Record versus rhetoric
A fair assessment of Avilés's record distinguishes her concrete legislative achievements from her broader advocacy and protest activity. On the enacted side, the How Many Stops Act, the cruise-ship shore-power law, and the NYCHA transparency measures are real, verifiable laws addressing specific local and citywide problems. On the advocacy side, much of her highest-profile activity, particularly on immigration and Gaza, has taken the form of oversight hearings, public statements, protest, and votes of conscience rather than enacted legislation, which is partly a function of her role as a committee chair and a member of the Council's left flank rather than its leadership.
The honest summary is that Avilés has a focused, genuine legislative record on environmental justice, housing oversight, and police transparency, complemented by an activist approach to her platform and her votes.

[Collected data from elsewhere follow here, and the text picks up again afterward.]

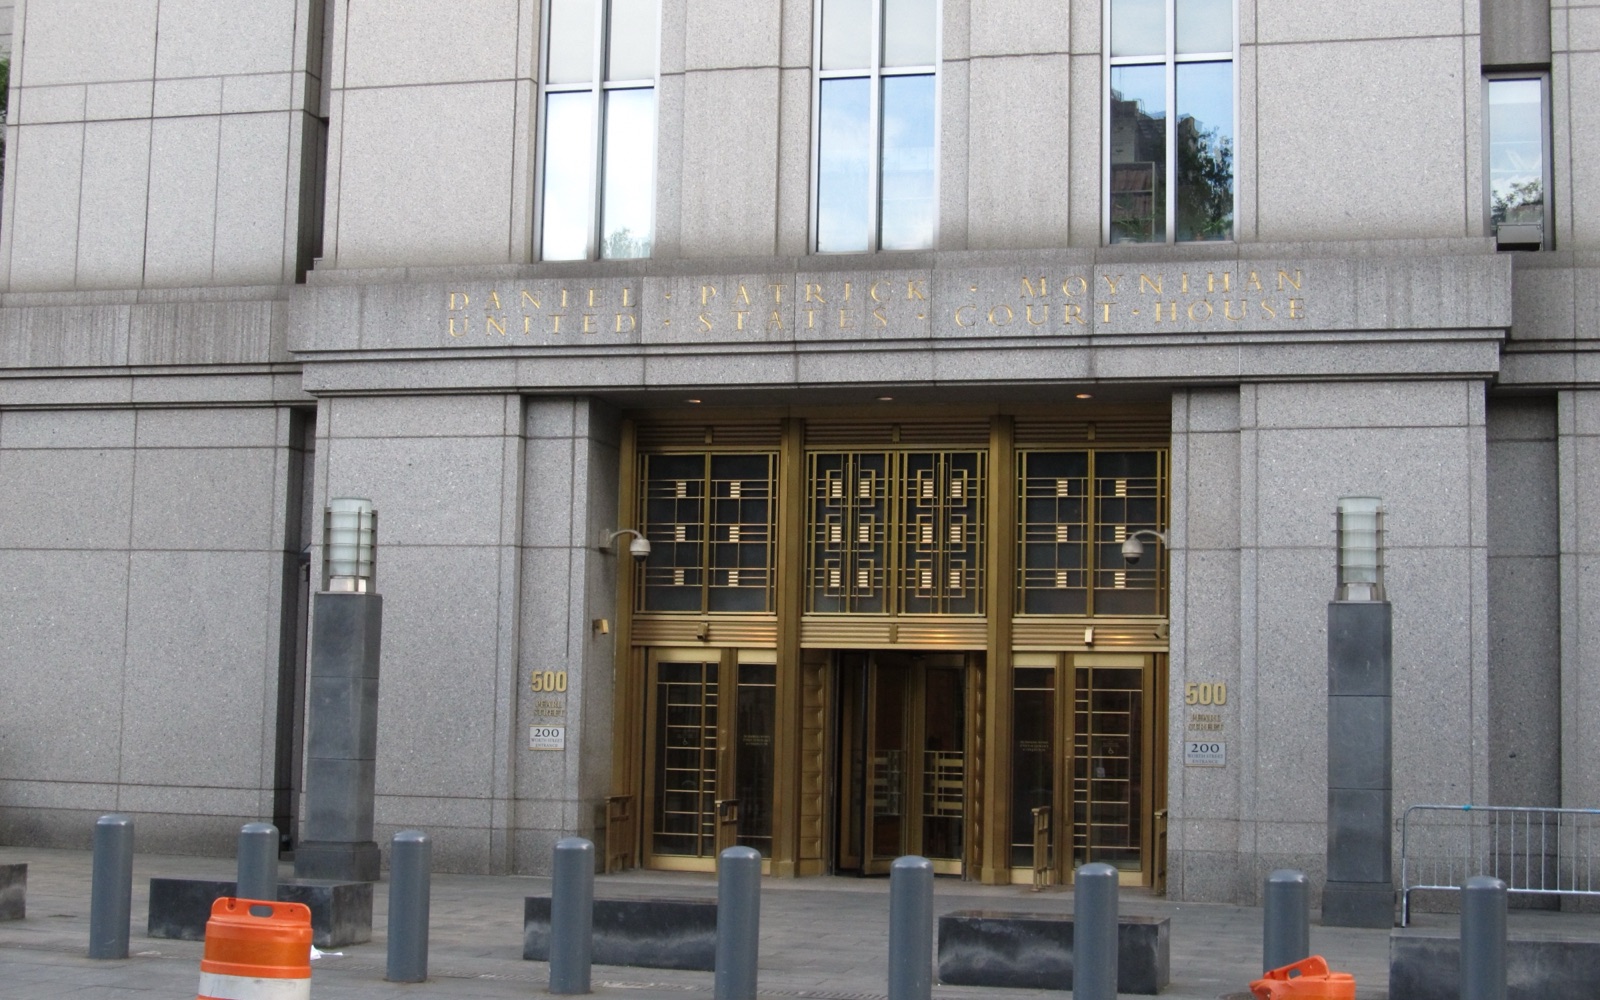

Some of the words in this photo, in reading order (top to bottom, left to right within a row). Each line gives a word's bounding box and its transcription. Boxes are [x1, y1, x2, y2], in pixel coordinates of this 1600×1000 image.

[448, 287, 638, 312] DANIEL
[700, 279, 927, 308] PATRICK
[1020, 268, 1304, 299] MOYNIHAN
[448, 313, 638, 339] UNITED
[698, 305, 888, 334] STATES
[954, 302, 1112, 328] COURT
[1154, 297, 1306, 324] HOUSE
[531, 670, 567, 692] 500
[1185, 682, 1227, 706] 500
[534, 728, 560, 738] 200
[1191, 743, 1220, 753] 200

Supporters see a legislator who both delivers concrete wins and uses every tool, including protest votes, to advance her values. Critics argue that the protest posture, especially the years of budget no-votes, substituted symbolism for results. Both observations describe the same underlying record: a council member who legislates in a focused way on local issues while functioning as a movement voice on the larger fights.